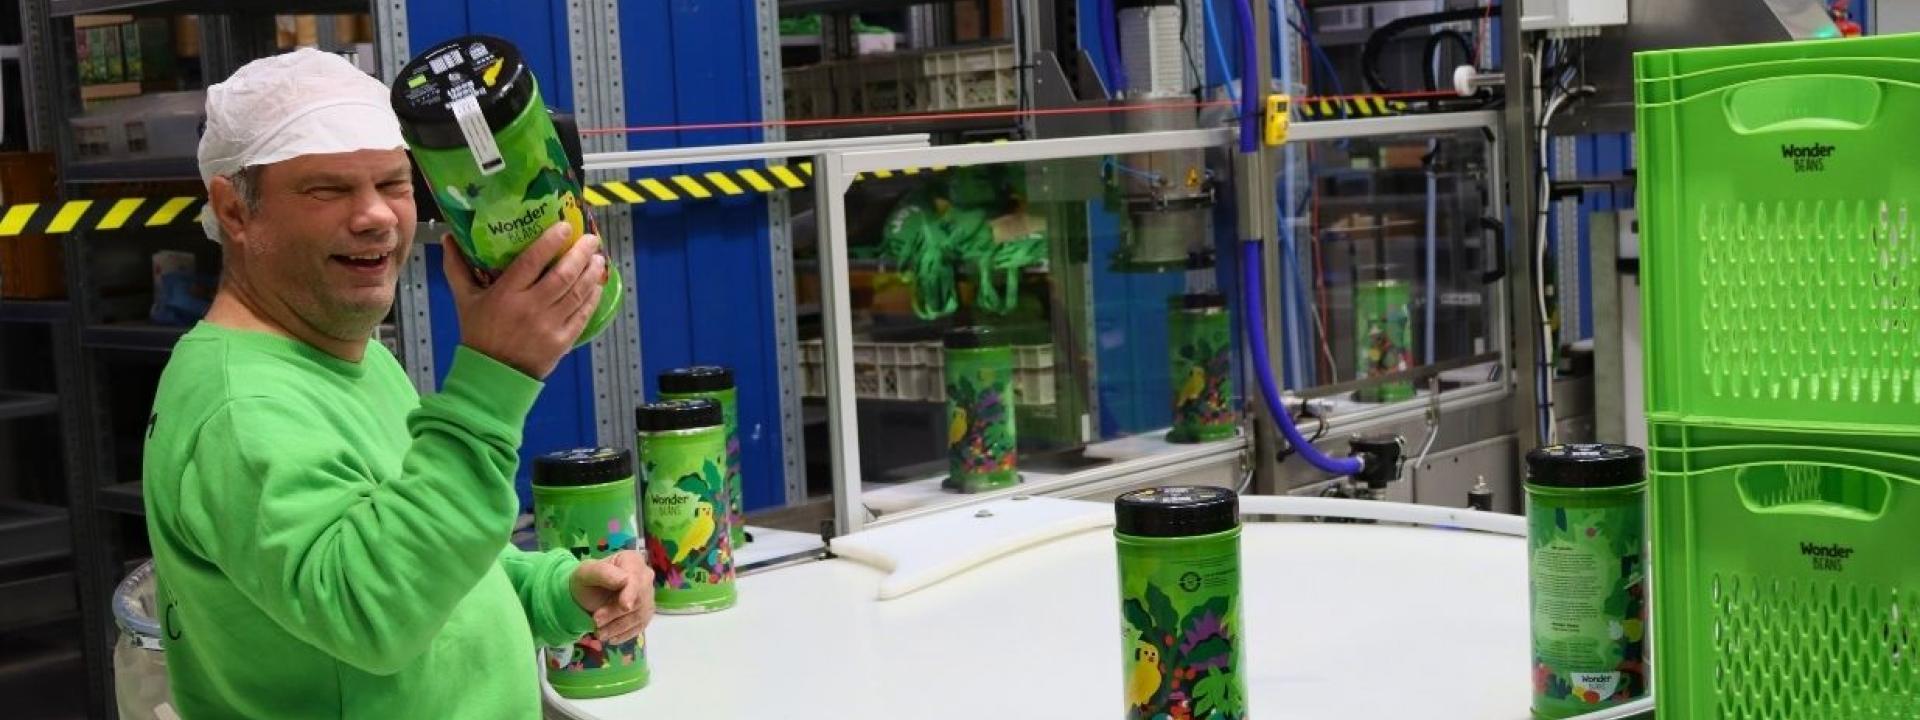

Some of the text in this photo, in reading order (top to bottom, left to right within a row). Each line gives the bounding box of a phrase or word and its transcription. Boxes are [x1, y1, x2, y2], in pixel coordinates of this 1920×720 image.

[1781, 142, 1836, 158] Wonder
[1793, 158, 1824, 172] BEANS
[487, 202, 548, 235] Wonder
[650, 493, 688, 505] Wonder
[1800, 542, 1854, 558] Wonder
[1813, 557, 1843, 572] BEANS
[1581, 674, 1612, 683] Wonder
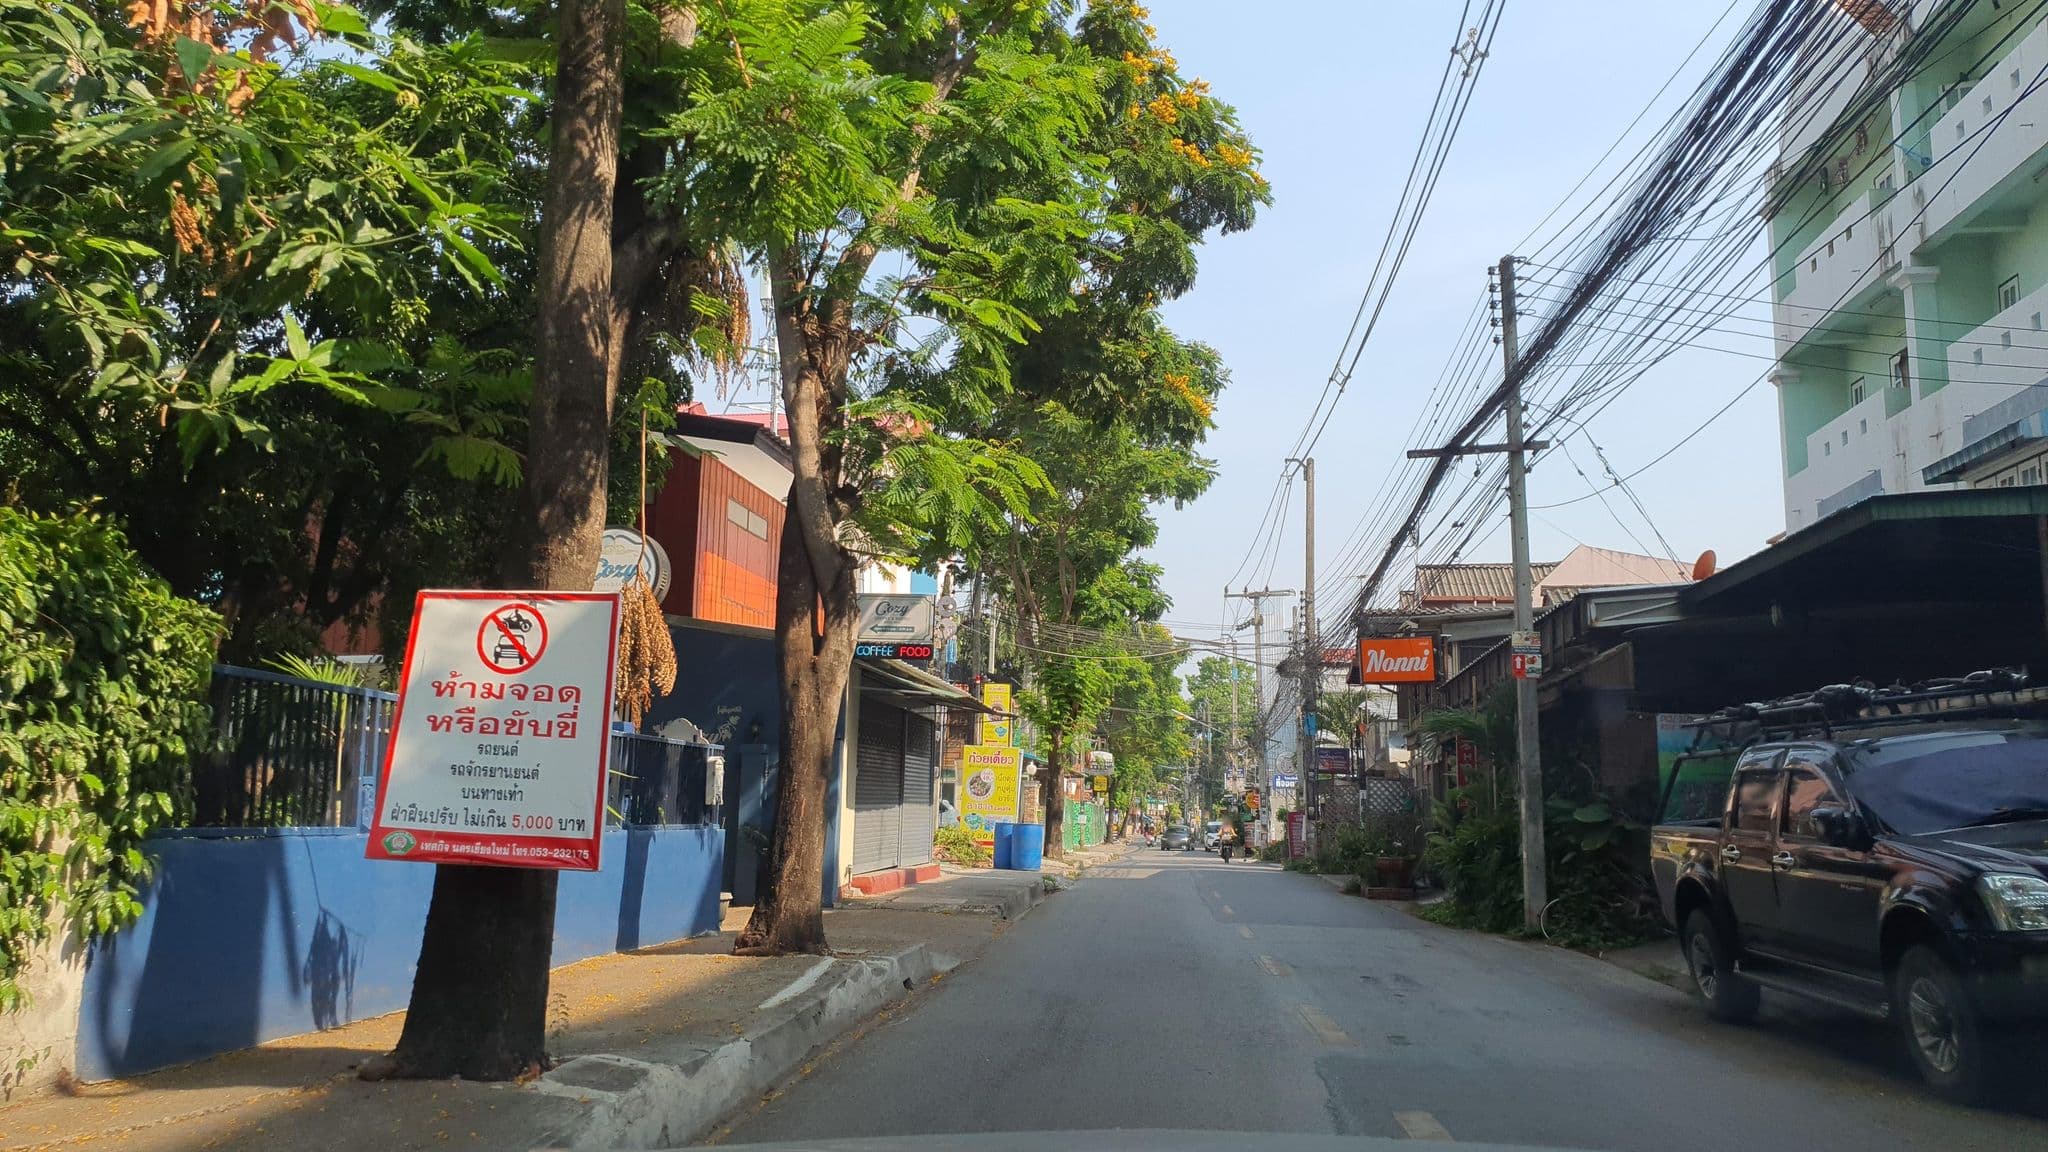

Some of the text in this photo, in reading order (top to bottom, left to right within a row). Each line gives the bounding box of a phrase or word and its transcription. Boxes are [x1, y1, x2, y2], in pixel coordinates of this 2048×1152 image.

[875, 601, 909, 617] Cozy
[856, 645, 931, 657] COFFEE FOOD
[1366, 648, 1430, 673] Nonni
[431, 670, 581, 704] ห้ามจอด
[426, 704, 579, 739] หรือขับขี่
[477, 740, 520, 757] รถยนต์
[450, 760, 541, 780] รถจักรยานยนต์
[461, 783, 524, 801] บนทางเท้า
[390, 803, 586, 832] ฝ่าฝืนปรับ ไม่เกิน 5,000 บาท

▸ **WHAT YOU HAVE TO DO**
The entries above are to be copied exactly, with every picture left out.

▸ **TASK OUTPUT**
Some of the text in this photo, in reading order (top to bottom, left to right within a row). Each line gives the bounding box of a phrase or word and its transcription. Boxes are [x1, y1, x2, y2], in pixel coordinates of this 1920×720 image.

[1781, 142, 1836, 158] Wonder
[1793, 158, 1824, 172] BEANS
[487, 202, 548, 235] Wonder
[650, 493, 688, 505] Wonder
[1800, 542, 1854, 558] Wonder
[1813, 557, 1843, 572] BEANS
[1581, 674, 1612, 683] Wonder

Some of the text in this photo, in reading order (top to bottom, left to right within a row). Each line gives the bounding box of a phrase or word and its transcription. Boxes are [x1, y1, x2, y2], in pixel coordinates of this 2048×1152 image.

[875, 601, 909, 617] Cozy
[856, 645, 931, 657] COFFEE FOOD
[1366, 648, 1430, 673] Nonni
[431, 670, 581, 704] ห้ามจอด
[426, 704, 579, 739] หรือขับขี่
[477, 740, 520, 757] รถยนต์
[450, 760, 541, 780] รถจักรยานยนต์
[461, 783, 524, 801] บนทางเท้า
[390, 803, 586, 832] ฝ่าฝืนปรับ ไม่เกิน 5,000 บาท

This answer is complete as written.